Print the listing below again from the line that contains "this 1512×2016 image." onward, keeping every line exact and leaving out the lines before it.

-- INPUT RECORDS --

________________________

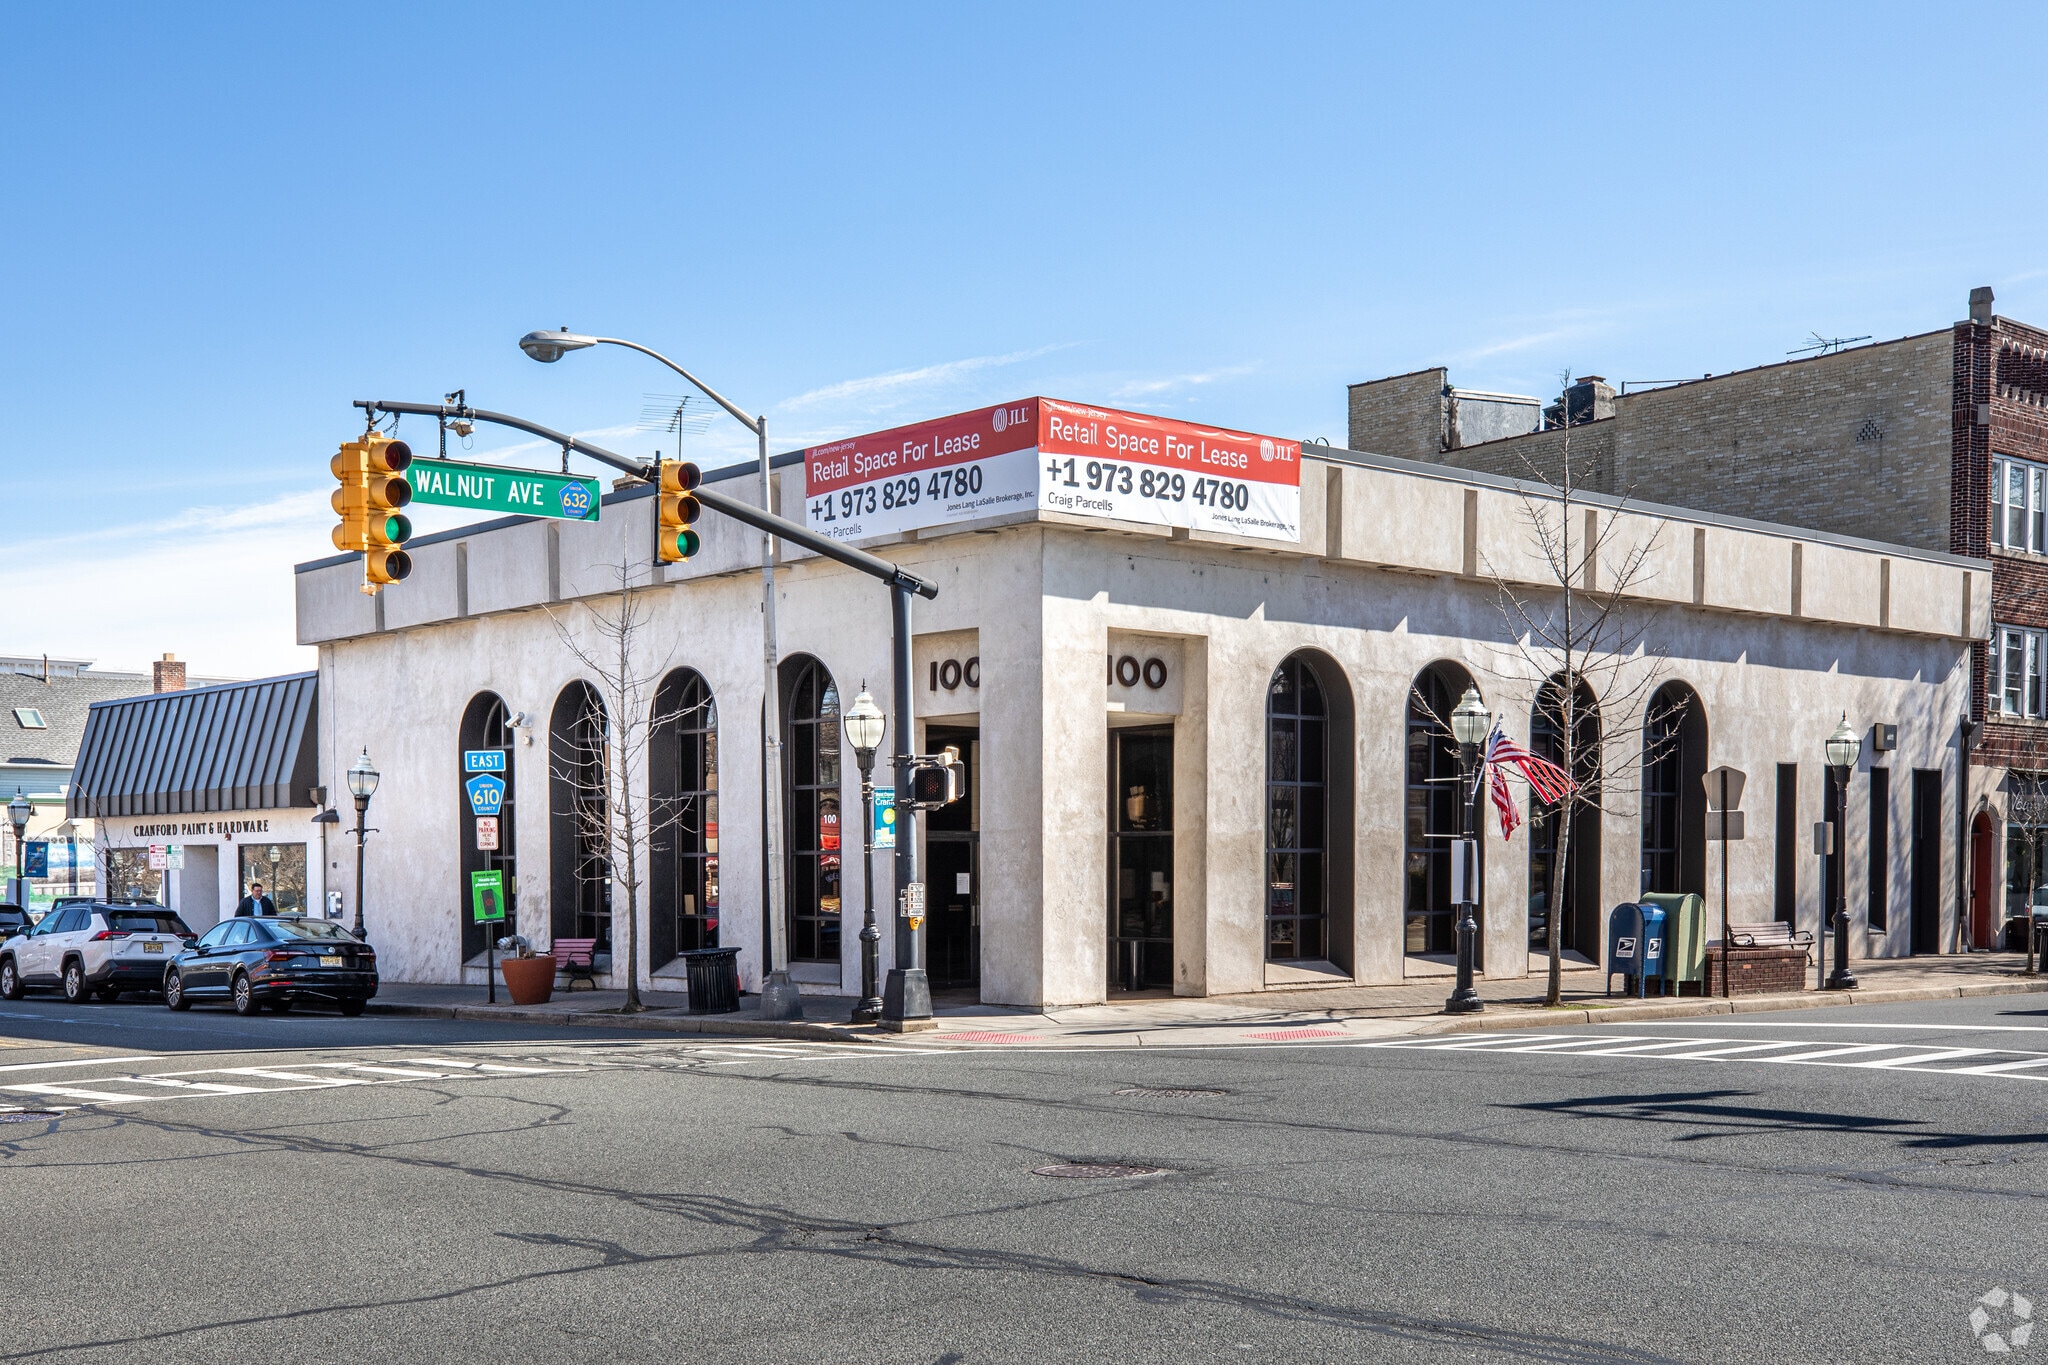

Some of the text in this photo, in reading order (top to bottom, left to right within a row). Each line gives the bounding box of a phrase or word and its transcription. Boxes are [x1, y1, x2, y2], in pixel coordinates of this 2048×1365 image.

[1008, 408, 1028, 426] JLL
[1050, 416, 1248, 469] Retail Space For Lease
[812, 432, 980, 483] Retail Space For Lease
[1275, 445, 1293, 461] JLL
[416, 470, 544, 506] WALNUT AVE
[812, 464, 983, 522] +1 973 829 4780
[1047, 458, 1249, 512] +1 973 829 4780
[564, 492, 587, 508] 632
[946, 503, 961, 511] Jones
[962, 501, 975, 509] Lang
[976, 497, 995, 506] LaSalle
[996, 493, 1024, 503] Brokerage,
[1048, 492, 1112, 511] Craig Parcells
[1241, 517, 1259, 526] LaSalle
[834, 523, 862, 538] Parcells
[471, 755, 499, 767] EAST
[473, 789, 499, 805] 610
[824, 815, 836, 824] 100
[134, 820, 268, 837] CRANFORD PAINT & HARDWARE
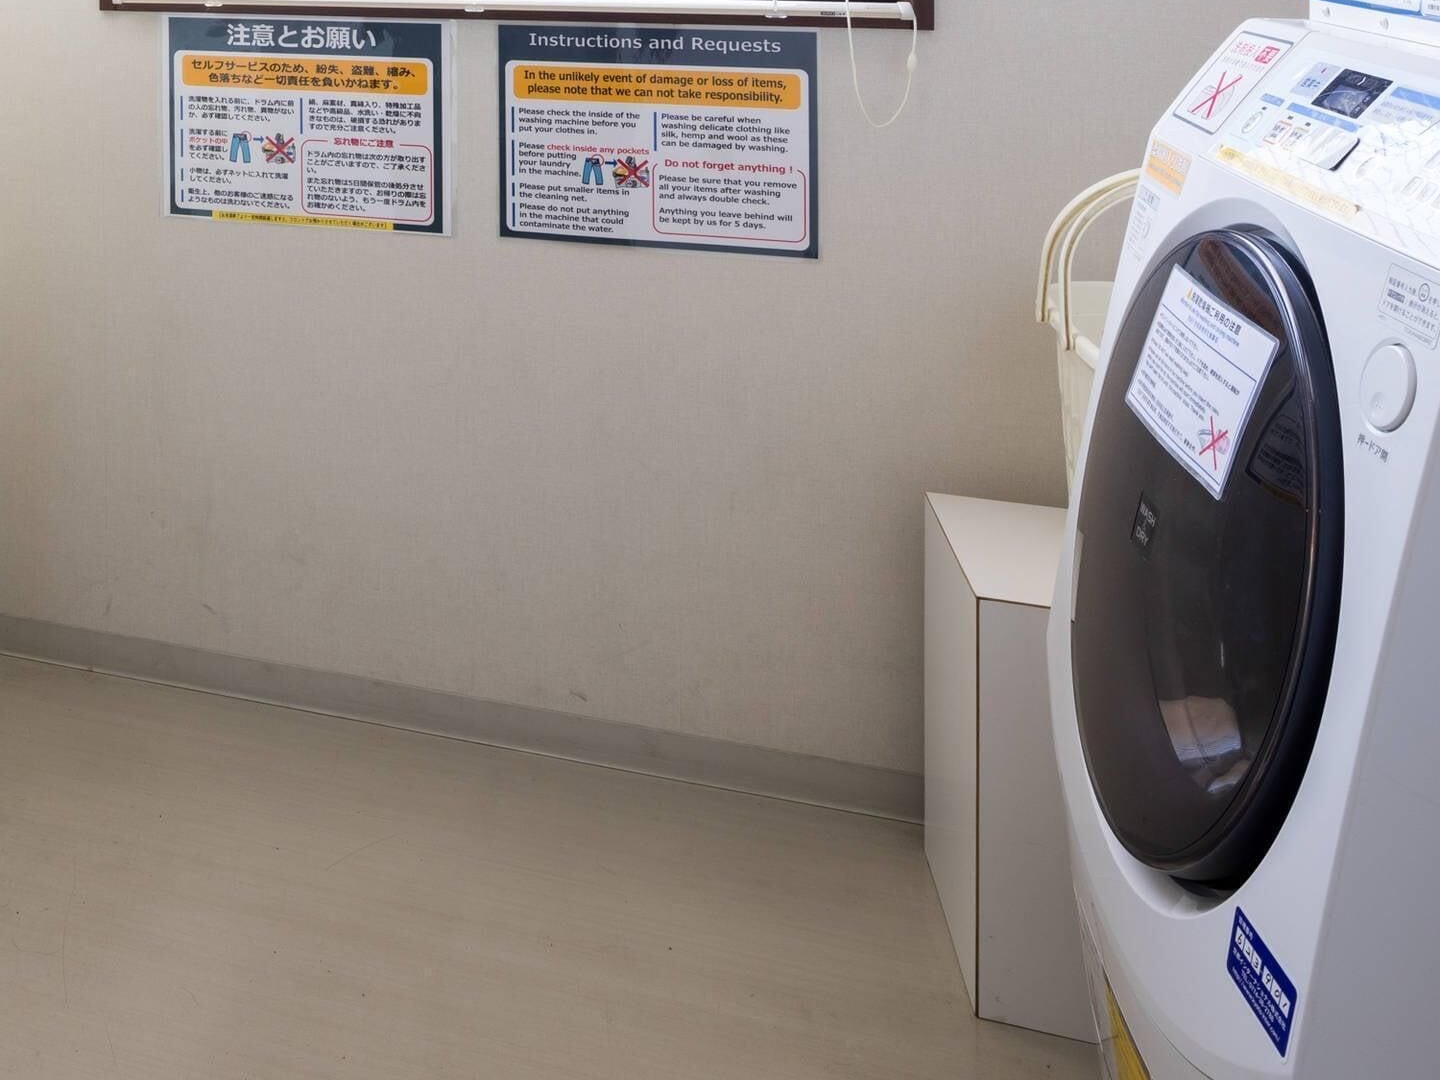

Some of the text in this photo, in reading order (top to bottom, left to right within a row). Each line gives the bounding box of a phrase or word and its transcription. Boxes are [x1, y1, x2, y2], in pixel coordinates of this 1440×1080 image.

[226, 23, 376, 50] 注意とお願い
[529, 32, 780, 55] Instructions and Requests
[208, 72, 398, 90] 色落ちなど一切責任を負いかねます。
[524, 70, 786, 89] In the unlikely event of damage or loss of items,
[527, 82, 782, 104] please note that we can not take responsibility.
[188, 136, 228, 144] ポケットの中
[333, 137, 393, 148] 忘れ物にご注意
[188, 152, 225, 160] てください。
[664, 159, 678, 167] Do
[682, 160, 699, 168] not
[702, 160, 734, 172] forget
[737, 162, 785, 174] anything
[189, 175, 231, 184] してください。
[658, 174, 686, 182] Please
[723, 177, 741, 185] that
[744, 180, 760, 188] you
[763, 181, 797, 189] remove
[671, 185, 690, 193] your
[693, 185, 717, 193] items
[719, 186, 741, 194] after
[743, 188, 780, 198] washing
[677, 193, 707, 202] always
[708, 194, 739, 203] double
[741, 196, 769, 205] check.
[658, 206, 697, 217] Anything
[700, 210, 716, 218] you
[718, 210, 741, 218] leave
[744, 212, 774, 220] behind
[659, 215, 669, 223] be
[672, 216, 691, 225] kept
[693, 218, 704, 226] by
[742, 220, 765, 230] days.
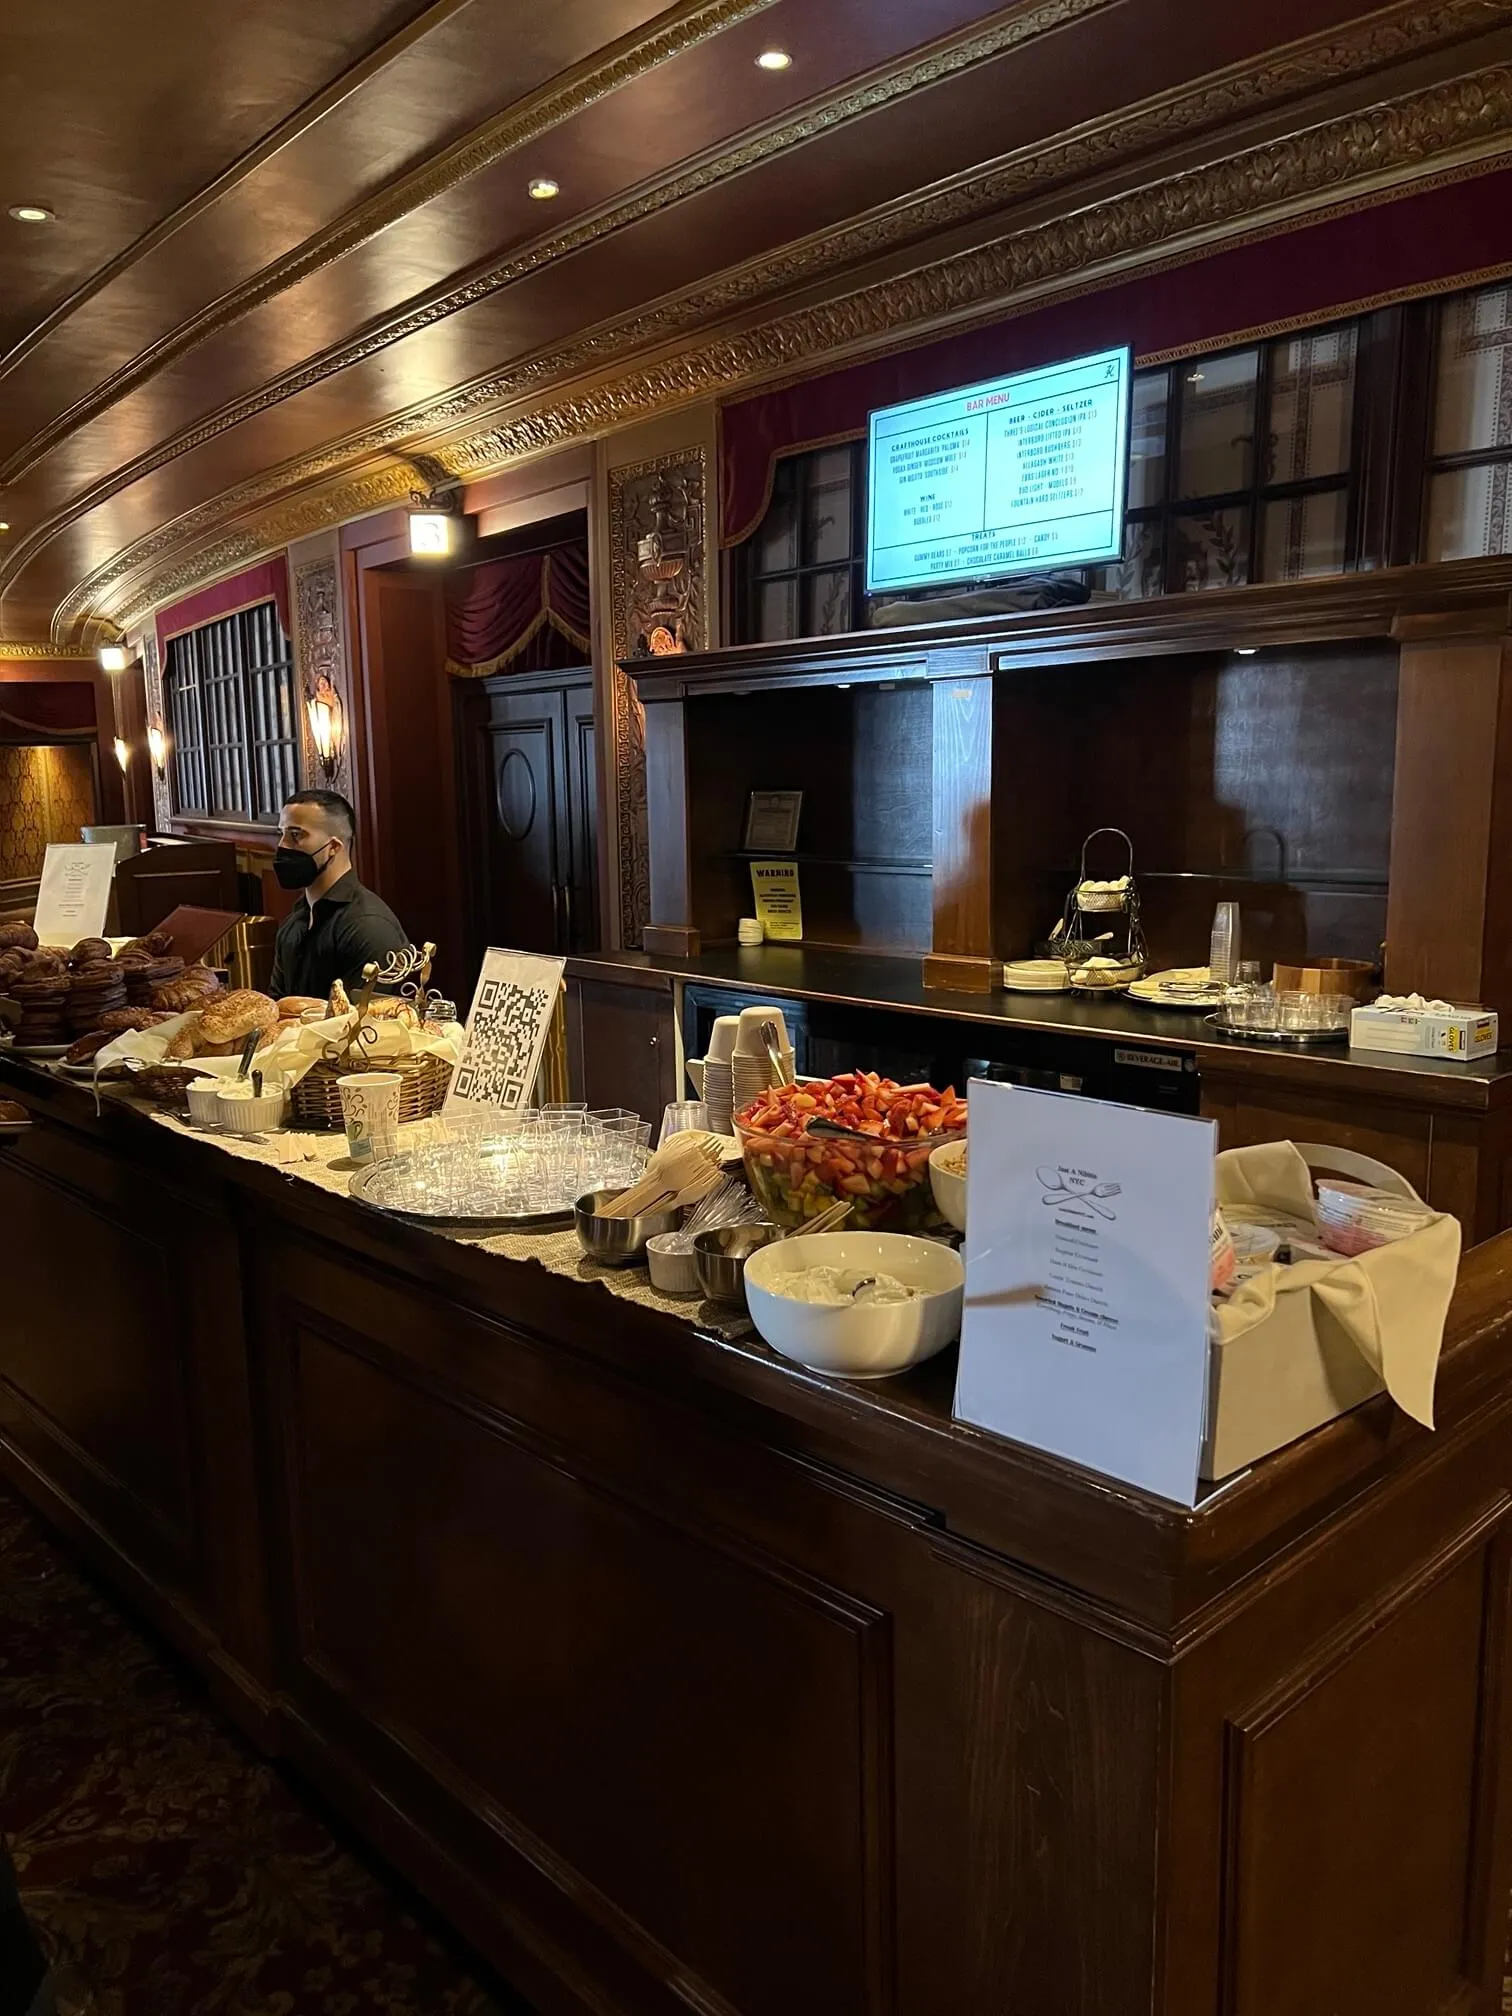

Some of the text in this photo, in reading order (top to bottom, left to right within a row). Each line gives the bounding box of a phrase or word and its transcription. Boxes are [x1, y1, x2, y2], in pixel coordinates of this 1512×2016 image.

[966, 391, 1011, 412] BAR MENU
[1009, 415, 1025, 425] BEER
[1033, 408, 1055, 419] CIDER
[1062, 399, 1093, 412] SELTZER
[891, 428, 969, 452] CRAFTHOUSE COCKTAILS
[920, 494, 936, 503] WINE
[972, 532, 996, 541] TREATS
[756, 869, 795, 878] WARNING
[1069, 1177, 1086, 1186] NYC

________________________

-- EXERCISE ANSWER --
Some of the text in this photo, in reading order (top to bottom, left to right within a row). Each line gives the bounding box of a phrase or word and its transcription. Boxes are [x1, y1, x2, y2], in pixel coordinates of this 1512×2016 image.

[966, 391, 1011, 412] BAR MENU
[1009, 415, 1025, 425] BEER
[1033, 408, 1055, 419] CIDER
[1062, 399, 1093, 412] SELTZER
[891, 428, 969, 452] CRAFTHOUSE COCKTAILS
[920, 494, 936, 503] WINE
[972, 532, 996, 541] TREATS
[756, 869, 795, 878] WARNING
[1069, 1177, 1086, 1186] NYC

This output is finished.